In parallel with the reading of the image data from the line memories (1) 10 and (2) 15, the CPU 5 outputs the motor drive timing signal and at the same time, the signal processing unit of the line memory different from the line memory in which the previous data was written. Three
The output enable signal of the gate [gate (1) 7 or gate (3) 13] connected to is output from the signal processing unit 3 to the connected line memory (1) 10 or (2) 15. The image data, the write address signal output from the timing generator 4 and WE are transmitted to store the image data.

As described above, the line memory (1)
The writing of the image data for each line to 10, 10 (2) 15 is also performed by alternately using the two line memories (1) 10, (2) 15. Hereinafter, the above operation is repeated until the image recording device 12 finishes recording all images.

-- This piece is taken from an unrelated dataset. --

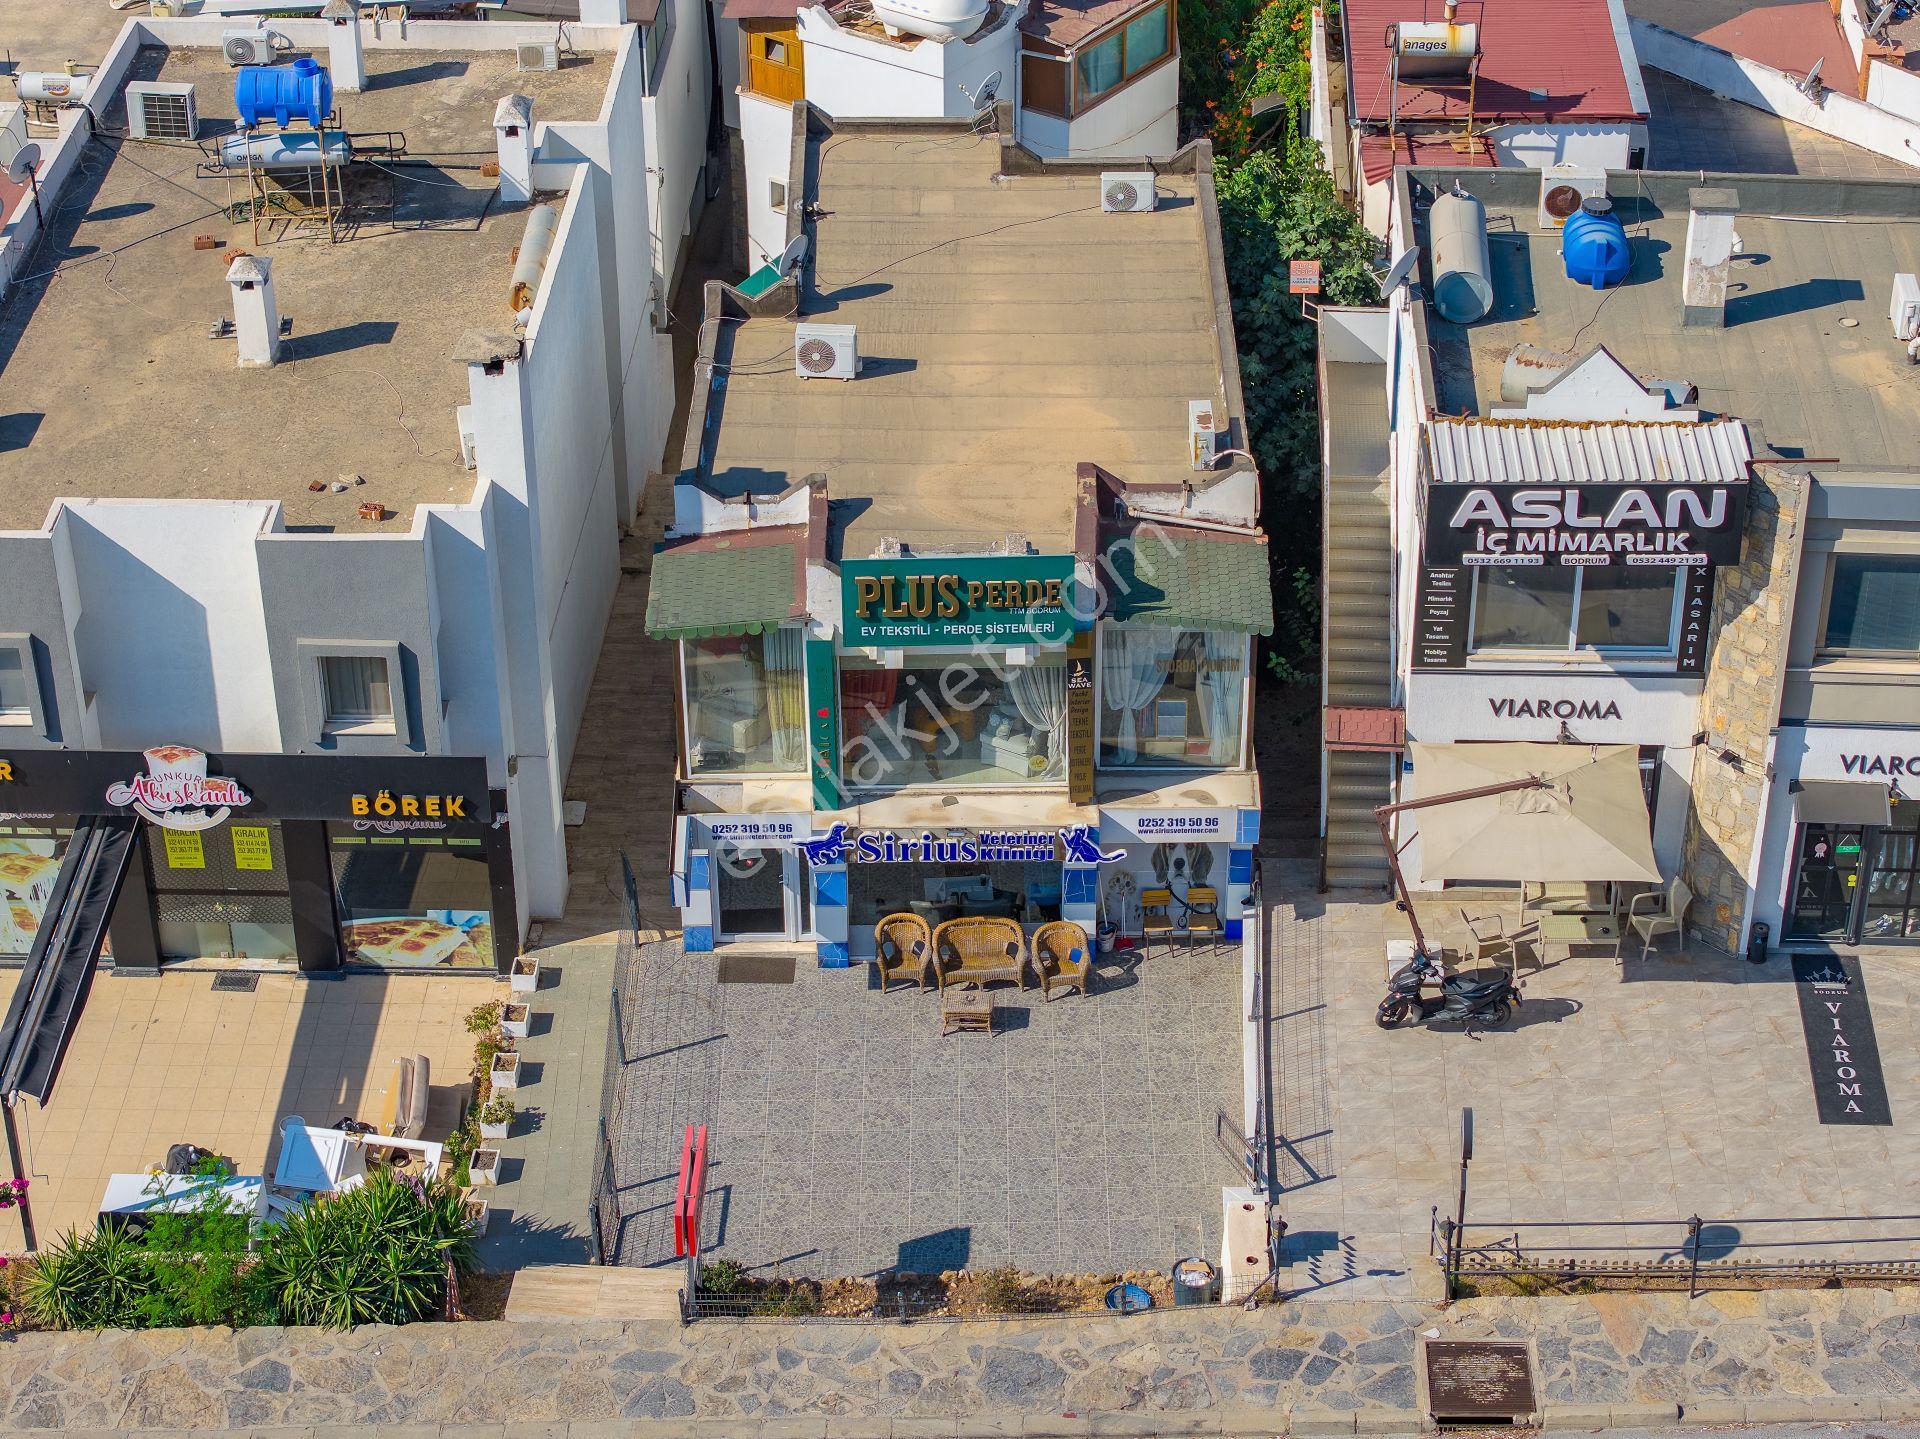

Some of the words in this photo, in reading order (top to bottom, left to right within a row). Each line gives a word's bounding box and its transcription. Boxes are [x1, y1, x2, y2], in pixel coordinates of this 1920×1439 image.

As described above, according to this embodiment,
It is provided with two line memories (1) 10 and (2) 15, and the output of image data for each pixel is controlled by the CPU 5 of the image reading device, so that there is no page memory with a large capacity, so that recording is possible. Image recording apparatus 1 having a low speed and changing the recording speed of one pixel or one line
It is possible to read the original image in synchronization with No. 2 as well, and it is possible to shorten the overall reading time by simultaneously writing and reading the read data.

(3) Third Embodiment A block diagram of the image reading apparatus of the third embodiment is the second embodiment.
(Fig. 4). Each control signal is gate (1) 7
And the input signal to the gate (3) 13 is the signal processing unit 3
Data output from the timing generator 4 and line memories (1) 10 and (2) 1 output from the timing generator 4.
5 is the same as the second embodiment except that the address signal of No. 5 is WE and OE.

Next, the operation of this embodiment will be described. Prior to reading the original, the CPU 5 determines the recording speed for each pixel of the connected image recording device 12 according to the image recording device determination signal input from the image recording device 12 by the CPU of this device.
The operation speed of the apparatus is determined by discriminating whether the operation speed is slower or faster than the normal operation speed of No. 5. The operation when the connected image recording device 12 is the latter is the same as that of the second embodiment.

Next, the operation when the image recording device 12 connected based on the timing chart of FIG. 6 is the former will be described. The driving method of the CCD 1, the driving method of the motor 9, and the output operation of the image data from the signal processing unit 3 are the same as those in the first embodiment.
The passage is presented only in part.